I can understand how you feel. It took me a few years until I was comfortable enough to post my picture.
Originally Posted by honeyhannah i'm very surprised you would say that bellfire, i always love your threads i actually look for them 'cause they're always interesting, you're like my favorite person here that i don't know __________________________________________________ Well I thank you botth and I always enjoy hearing from you. I guess I just get the feeling sometimes that some people never really hear me. It's like the time I was talking to this guy and 3 weeks later someone told the guy the same thing I had told him and he acted like it was the first time he ever heard it. After awhile you begain to think, hey! I'm not that interesting lol.

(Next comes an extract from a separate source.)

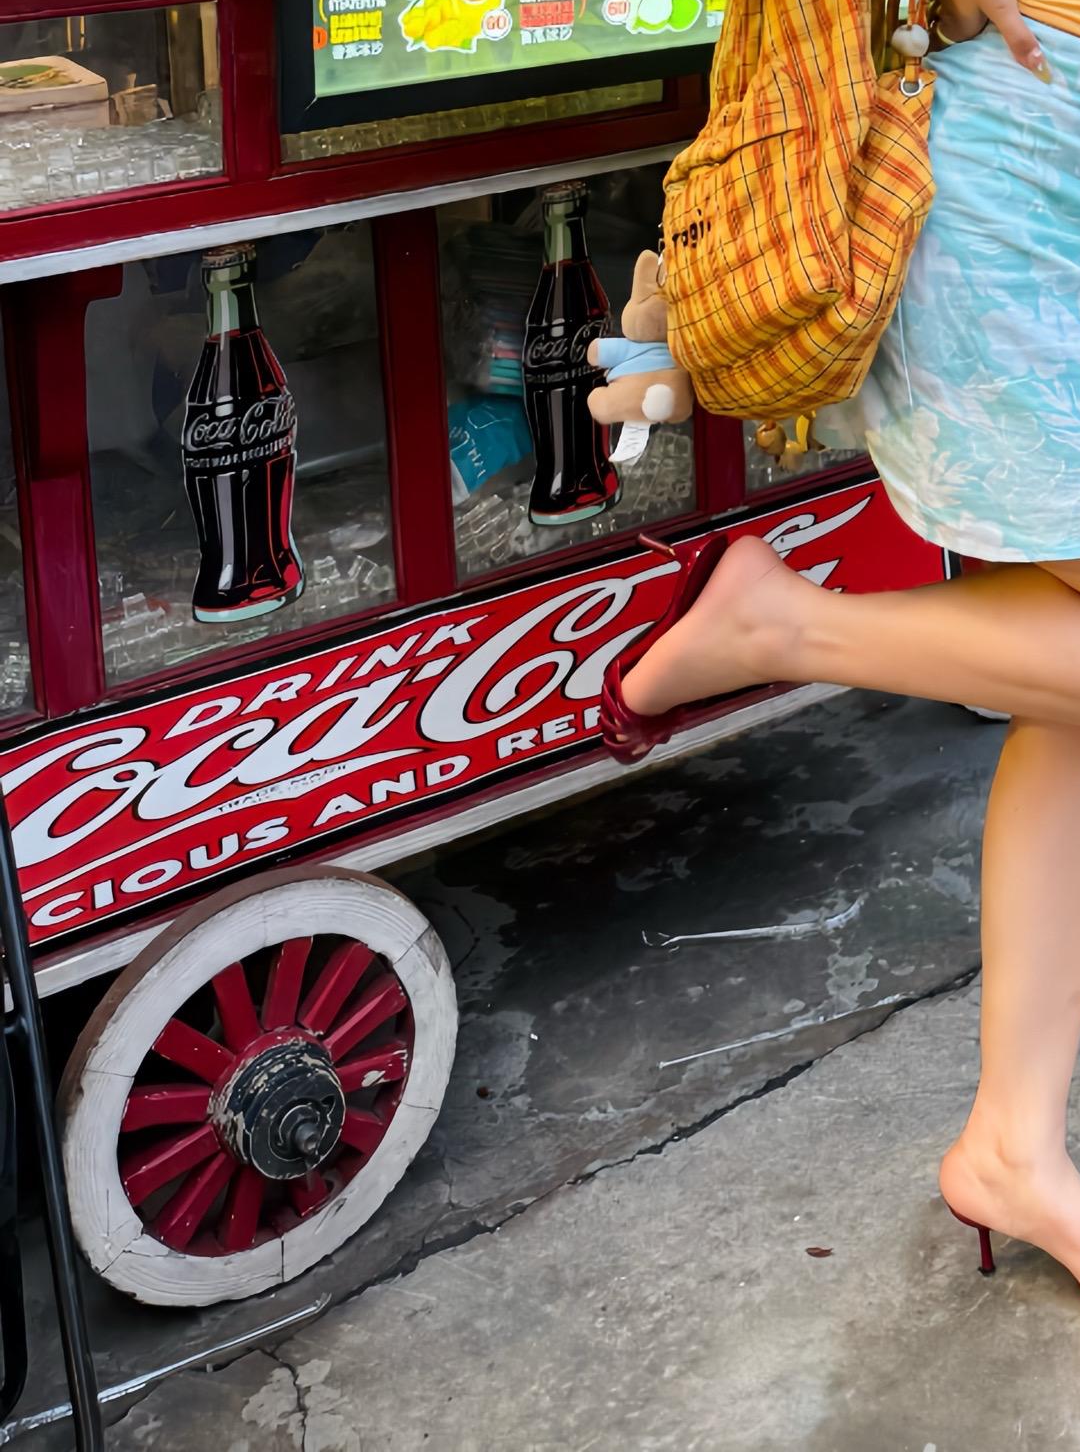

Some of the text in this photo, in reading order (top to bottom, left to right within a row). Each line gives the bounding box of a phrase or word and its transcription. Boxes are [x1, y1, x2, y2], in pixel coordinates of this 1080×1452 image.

[485, 15, 508, 30] 60
[163, 613, 492, 740] DRINK
[315, 754, 471, 830] AND

I read your threads, but honestly i have a hard time understanding you. Your thread's are very jumbled at time's and never really a point, and well it confuse's me:& but i'm blonde so a lot of things confuse me...
_________________ I just try to get everything out and sometimes I make it really long. (I try to see who is really listening and who is trying to crib note me lol.) People have to read everything or it will sound weird lol. _______________________________________ Well? I try to give everyone an even chance. I treat everyone the same until I like them or I dislike them. When I like you I can talk you to death but if I don't like you then you won't even hear me breathing hard. I try not to hold grudges but I have a hot temper. I come from a family of yellers and I'm not the loudest but I am the most sarcastic. Sometimes I can be the classiest person ever and sometimes you'd have to much the gutter to get my ideals out of it lol. I'm happy go lucky, passionate, loud, funny, smart and outspoken. (Not in that order and some may not believe that all apply lol.) I love talker, jokers, and people full of more bull than horney cow.